The present study found that the prevalence of
S. stercoralis infection in diabetic patients was 13.3% (4/30) and 25.5% (46/180) by stool examination and ELISA, respectively. Previously documented studies report that the seroprevalence of
S. stercoralis is 24.5% and 23% in diabetic Australian aboriginal patients and Brazil, respectively, which is similar to results obtained from our study (
4,
6). However, our findings are not supported by studies conducted in different populations, without diabetic patients from Iran. By stool examination, the prevalence of this infection has been reported from 1.4% to 4.9% in Mazandaran which is lower than the results obtained by the present work (13.3%) (
13,
14). Moreover, the seroprevalence rate of this infection was higher than a study performed by Rafiei et al. (
15), in Southwest Iran (14.4%) and other studies conducted in different parts of the world such as do Rio de Janeiro (13%) (
16) and in Bangladesh (22%) (
17). Lower prevalence rates were observed in our study compared to other investigations performed in Thailand (34.2%) (
18), Bangladesh (61.2%) (
19) and the Peruvian Amazon (72%) (
20).
This work found that the seroprevalence of this infection was not significantly higher in cases living in rural areas compared with those living in urban settings. Also, no significant difference was observed between
S. stercoralis infection and age groups, gender and other demographic data, which agrees with some previous studies (
15,
17). It was also observed that homemaker and farmers are at risk of strongyloidiasis more than other occupations (
Table 1) which is in agreement with published data (
20,
21).
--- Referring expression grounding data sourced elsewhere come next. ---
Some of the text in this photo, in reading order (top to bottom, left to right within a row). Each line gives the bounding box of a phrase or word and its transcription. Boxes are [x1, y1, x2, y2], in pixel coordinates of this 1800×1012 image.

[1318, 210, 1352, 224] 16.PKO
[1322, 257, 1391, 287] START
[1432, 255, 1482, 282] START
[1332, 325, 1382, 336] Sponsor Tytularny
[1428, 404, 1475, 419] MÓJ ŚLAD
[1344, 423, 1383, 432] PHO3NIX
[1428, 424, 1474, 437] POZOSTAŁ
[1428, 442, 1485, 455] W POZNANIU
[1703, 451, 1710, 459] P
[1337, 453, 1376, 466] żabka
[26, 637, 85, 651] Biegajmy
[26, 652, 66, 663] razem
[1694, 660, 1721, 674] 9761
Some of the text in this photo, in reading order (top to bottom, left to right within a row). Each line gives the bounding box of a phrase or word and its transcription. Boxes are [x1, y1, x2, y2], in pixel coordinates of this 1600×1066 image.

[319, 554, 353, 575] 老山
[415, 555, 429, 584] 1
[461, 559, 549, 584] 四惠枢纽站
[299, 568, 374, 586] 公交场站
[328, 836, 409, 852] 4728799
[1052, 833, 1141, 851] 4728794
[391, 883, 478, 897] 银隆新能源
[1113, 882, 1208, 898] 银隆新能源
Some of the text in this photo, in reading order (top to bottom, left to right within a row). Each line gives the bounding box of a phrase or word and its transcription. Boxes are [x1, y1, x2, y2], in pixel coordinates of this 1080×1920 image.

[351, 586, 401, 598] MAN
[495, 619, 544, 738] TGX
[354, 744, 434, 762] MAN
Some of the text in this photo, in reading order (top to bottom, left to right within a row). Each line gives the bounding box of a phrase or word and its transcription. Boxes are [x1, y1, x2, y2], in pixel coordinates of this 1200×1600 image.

These results may occur because of the nature of the parasite, soil transmitted helminths, and therefore people who have soil contact are more at risk for
S. stercoralis infection (
21). However, no significant differences were observed between
S. stercoralis infection and the clinical features of the patients. The patients with diabetic foot were at risk of strongyloidiasis more than subjects without this disorder. A study conducted by Gill et al., found that tropical ulcer was more common among cases with
Strongyloides sp. infection compared with non-infected subjects (
22).
On the other hand,
Strongyloides sp. infection was diagnosed in only one patient with gastrointestinal disorders by both stool examination and ELISA. Also, no symptoms and signs indicating hyperinfection were observed in any of the patients. All of the studied cases were under metabolic control of diabetes and did not undergo corticosteroid therapy or suffer severe metabolic distress. However, it is well known that strongyloidiasis manifests in most cases as a chronic asymptomatic disease and severe manifestations of this infection are frequently correlated with predisposing factors such as immunosuppression caused by other diseases or corticoid treatment (
4). Corticosteroids therapy leads to hyper-infection or disseminated infection through the enhancement of apoptosis in T-lymphocytes, and also increasing steroid-like substances which act as modulating signals causing the rhabditiform larvae to change into infective filariform larvae (
23).
The present study found that the prevalence of
S. stercoralis infection in diabetic patients obtained by ELISA (25.5%) was almost two times higher than stool examination results (13.3%). The poor agreement which is observed between ELISA and coprological examination methods (P = 0.000, kappa = 0.11) is also reported by several studies throughout world (
17,
24). Stool examination has low sensitivity and fails to detect
S. stercoralis larvae in up to 70 % of cases particularly when single stool specimens are provided (
25). On the other hand, serological tests usually overestimate results and cannot distinguish between past and current infections (
26). The inconsistency between these methods may result from cross reactions between
Strongyloides sp. and other helminthic infections including filariasis and schistosomiasis (
27,
28). The aforementioned helminthic diseases were not reported from the studied area, but
Ascaris lumbricoides and human hookworm infections are reported frequently, and therefore the possibility of cross reactions cannot be ruled out as the serum was not tested for other helminth infections. Furthermore, the disagreement between results obtained from ELISA and coprological analysis methods may be related to a high frequency of past infections in an endemic environment (
29).
The limitations of this study, which may have impacted the results, were: first, the number of stool samples was not compatible with the number of serum samples; second, the sample size was small.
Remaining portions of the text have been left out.